The Systems Engineer / Architect will be responsible for the functional and technical design of solutions within the DTR A ITD I3TS portfolio, including leading the technical design of solution components and developing system and technical requirements in support of customer-facing capabilities in a Data-Driven, AI ready, hybrid cloud-based environment in Fort Belvoir, VA. As a I3TS team member, you will work as part of a fast paced, Agile team to create solution designs as well as develop and manage requirements across multiple DTRA ITD modernization and integration efforts . The ideal candidate will have extensive experience in multi-cloud environments specifically working with GovCloud providers Microsoft Azure and AWS , infrastructure modernization, automation, with expertise spanning on-premise cloud extensions , Azure Local, Kubernetes, VMware, and Microsoft Entra I D. The candidate will be experienced using DevSecOps tools to drive continual improvements .

Specific tasks include developing and designing innovative technical solutions to improve the reliability, security, performance, and agility of the systems , including deriving and authoring functional, technical, performance, security, and availability requirements, in a continuous innovation process that leverages feedback derived from measuring deployed capabilities against key metrics to demonstrate success.

The Systems Engineer / Architect will be responsible for working with a team to ensure successful completion of testing and verification of new capabilities prior to deployment. To accomplish these goals, the successful candidate will demonstrate strong deductive reasoning, attention to detail, persistence, patience, and creativity.

Primary Responsibilities:

• Administer, maintain, and optimize Windows Server 2019 and 2022 domain controllers across a global infrastructure.

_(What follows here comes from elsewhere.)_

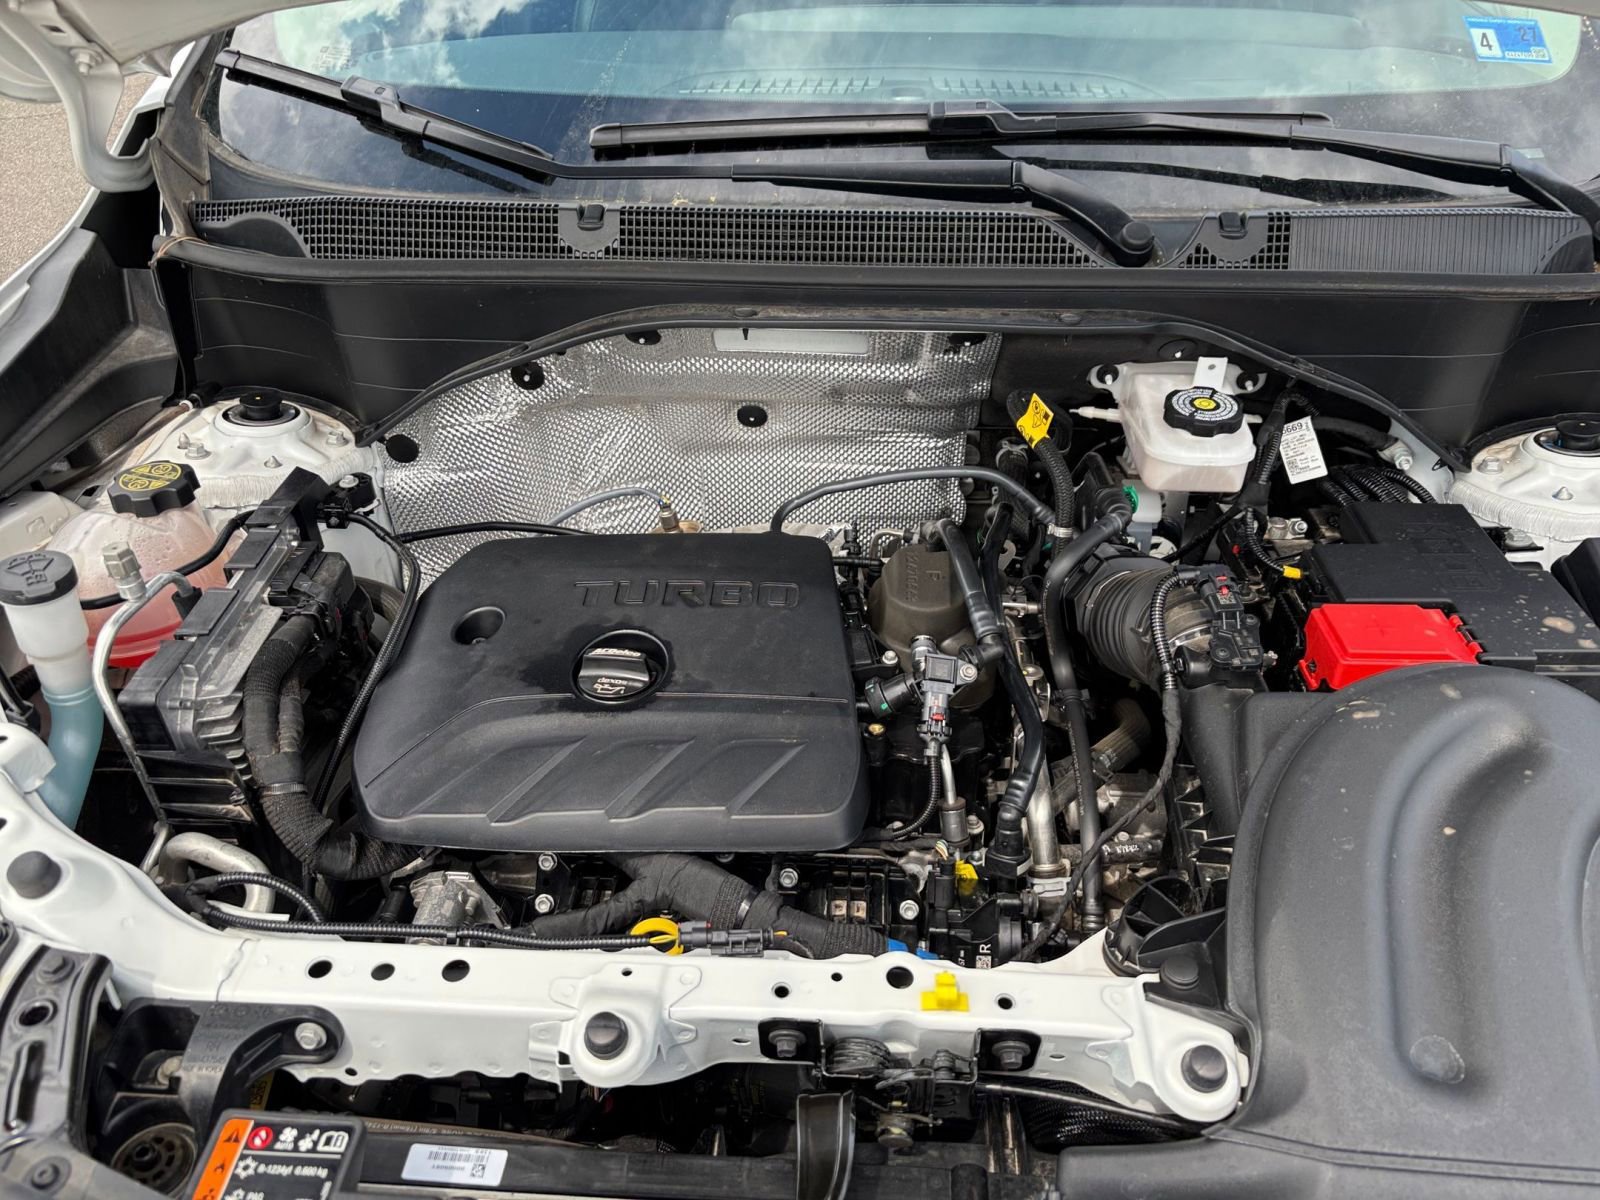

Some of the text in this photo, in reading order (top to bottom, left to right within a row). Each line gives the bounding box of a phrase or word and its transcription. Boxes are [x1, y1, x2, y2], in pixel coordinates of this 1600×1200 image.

[1480, 32, 1493, 51] 4
[574, 579, 799, 608] TURBO
[979, 943, 992, 953] R

• Design, implement, and manage Active Directory forests, domains, trusts, and organizational units (OUs).

• Develop and enforce Group Policy Objects (GPOs) for security, configuration management, and compliance.

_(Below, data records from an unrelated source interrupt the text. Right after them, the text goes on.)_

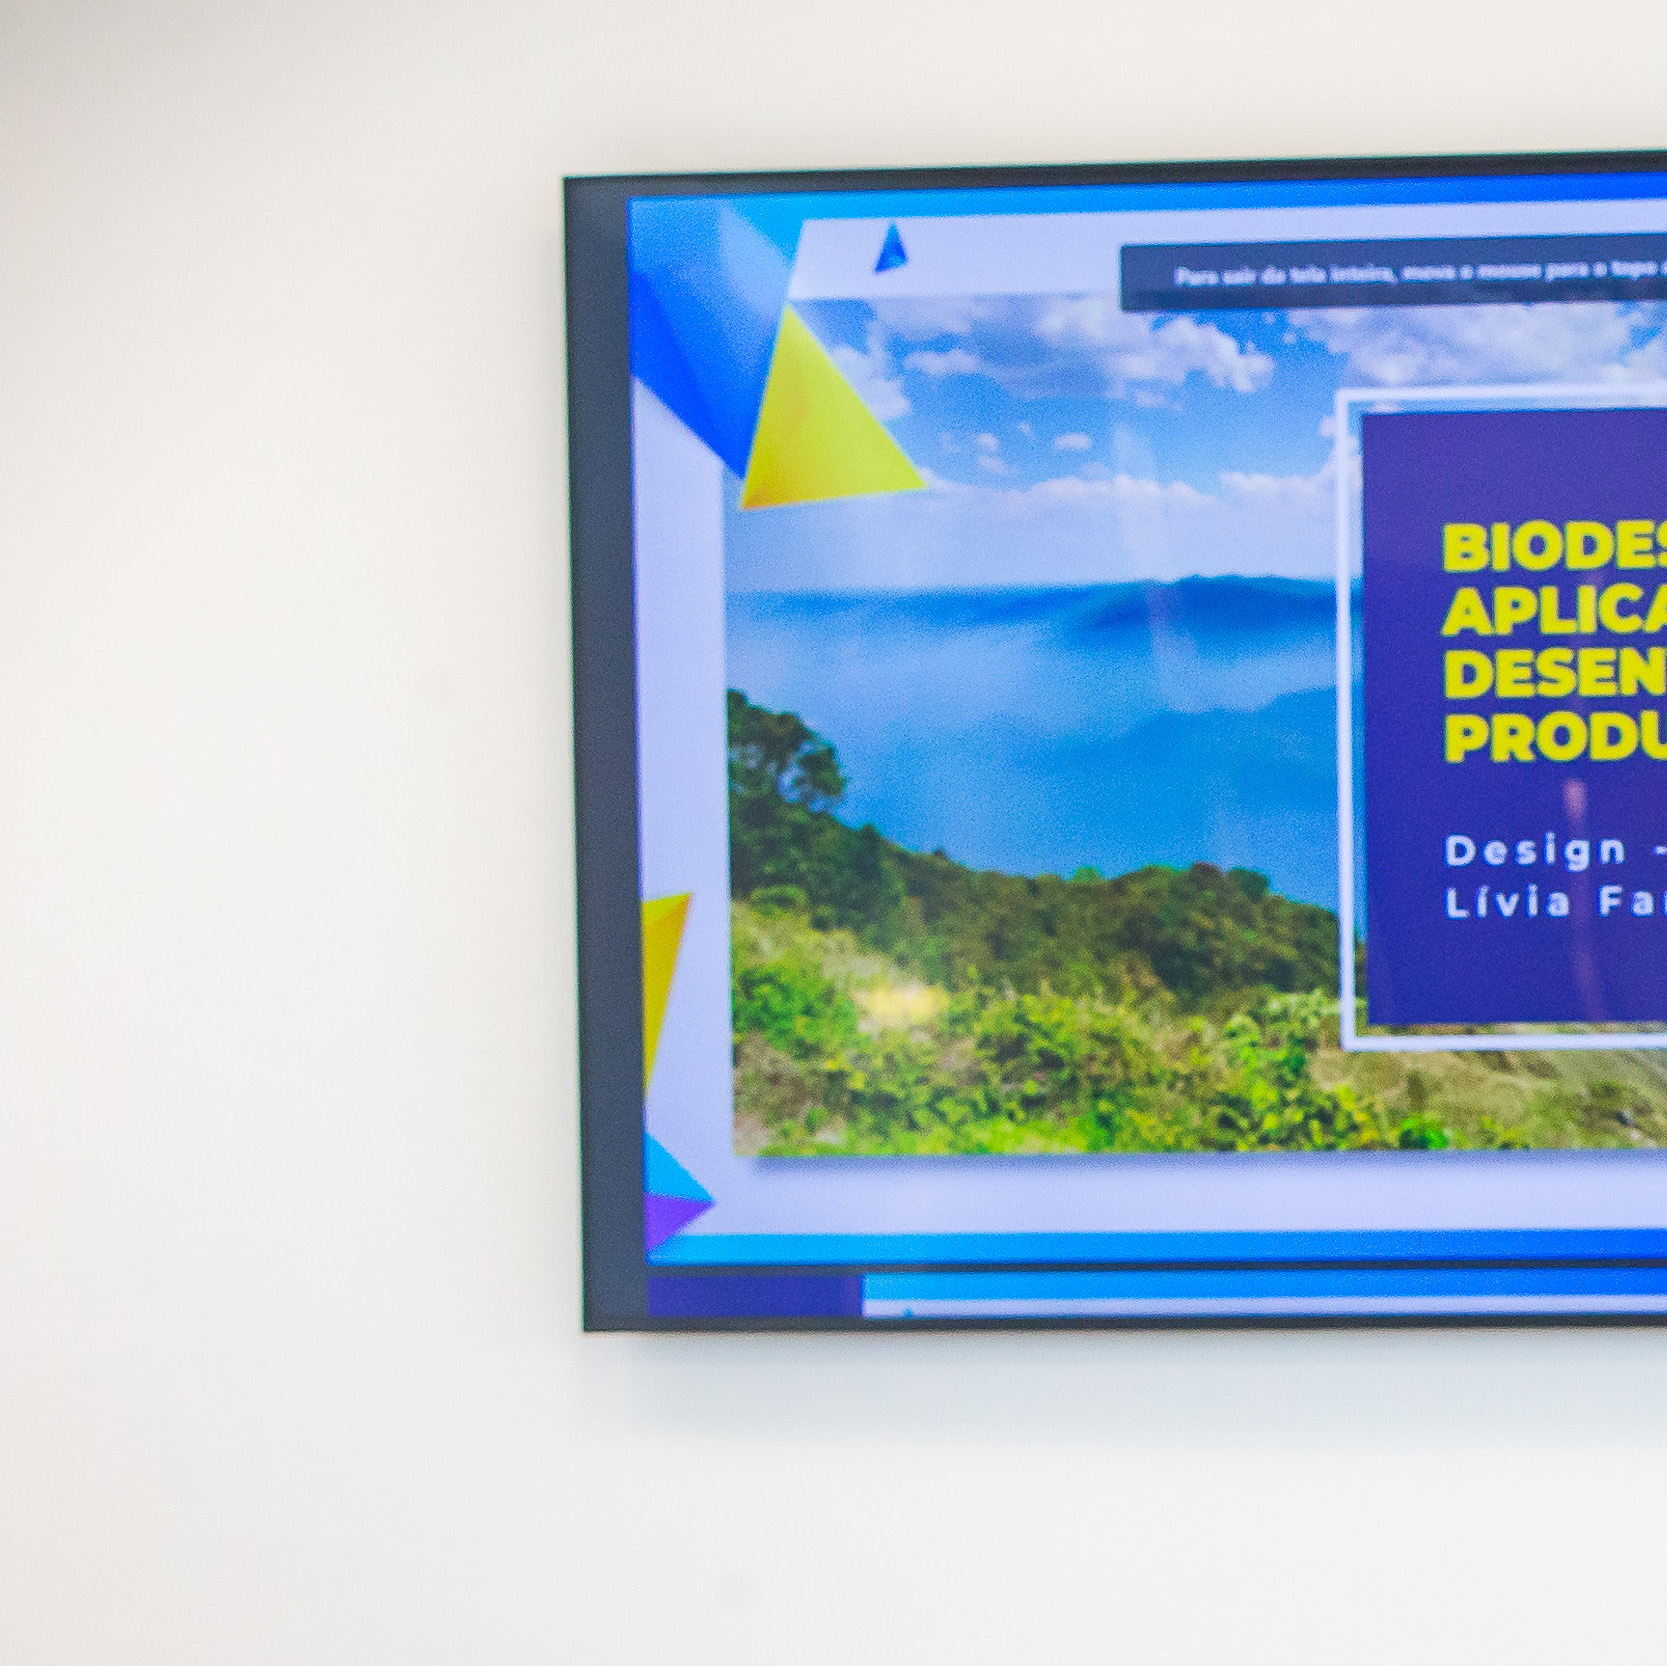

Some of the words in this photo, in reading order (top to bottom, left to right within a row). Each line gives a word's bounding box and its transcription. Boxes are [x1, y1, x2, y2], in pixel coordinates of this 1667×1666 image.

[1174, 267, 1219, 286] Para
[1259, 267, 1287, 284] da
[1288, 266, 1327, 283] tela
[1459, 265, 1475, 280] o
[1545, 262, 1590, 281] para
[1592, 262, 1608, 277] o
[1446, 832, 1624, 872] Design
[1446, 885, 1569, 918] Lívia

• Create and maintain PowerShell scripts to automate administrative tasks and reporting.

• Perform AD health checks, replication monitoring, and troubleshooting of domain-related issues.

• Support integration with identity services (e.g., Azure AD, ADFS, LDAP) as required.

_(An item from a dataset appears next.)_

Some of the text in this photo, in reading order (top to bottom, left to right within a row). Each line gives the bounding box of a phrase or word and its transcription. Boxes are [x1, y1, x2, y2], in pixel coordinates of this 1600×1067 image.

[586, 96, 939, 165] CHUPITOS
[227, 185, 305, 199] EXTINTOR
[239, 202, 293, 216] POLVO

• Manage DNS, DHCP, and certificate services within the Windows domain environment.

• Collaborate with cybersecurity teams to apply STIGs, hardening policies, and ensure compliance with government security standards.

• Provide technical guidance and mentoring to junior administrators.

• Participate in on-call rotations and respond to critical incidents as needed.

Basic Qualifications:

• Bachelors with 8-12 years of prior relevant experience or Master's with 6-10 years of prior relevant experience. Specific experience, education and training may be considered in lieu of degree.

• Security+ CE certification or equivalent DoD 8570 IAT II certification within 30 days of start date.

• Currently possess an active DoD Top Secret security clearance or higher.

• 7+ years of experience administering Windows domains in large enterprise or government environments.

• Expertise in Active Directory design, administration, and troubleshooting in multi-site architectures.

• Strong experience with Group Policy creation, management, and troubleshooting.

• Advanced proficiency in PowerShell scripting for automation and task orchestration.

• Hands-on experience with Windows Server 2019 and 2022.

• In-depth knowledge of DNS, DHCP, DFS, and PKI in Windows environments.

• Familiarity with security compliance frameworks (e.g., DISA STIGs, CIS benchmarks).

• Excellent problem-solving and documentation skills.

Preferred Qualifications:

• Experience integrating on-prem AD with Azure Active Directory / hybrid identity solutions.

• Familiarity with ADFS, LDAP-based applications, or other federation technologies.

• Microsoft certifications such as Microsoft Certified: Windows Server Hybrid Administrator Associate, MCSA, or MCSE.

• Prior experience in a federal or DoD environment.

For U.S. Positions: While subject to change based on business needs, Leidos reasonably anticipates that this job requisition will remain open for at least 3 days with an anticipated close date of no earlier than 3 days after the original posting date as listed above.

The Leidos pay range for this job level is a general guideline only and not a guarantee of compensation or salary. Additional factors considered in extending an offer include (but are not limited to) responsibilities of the job, education, experience, knowledge, skills, and abilities, as well as internal equity, alignment with market data, applicable bargaining agreement (if any), or other law.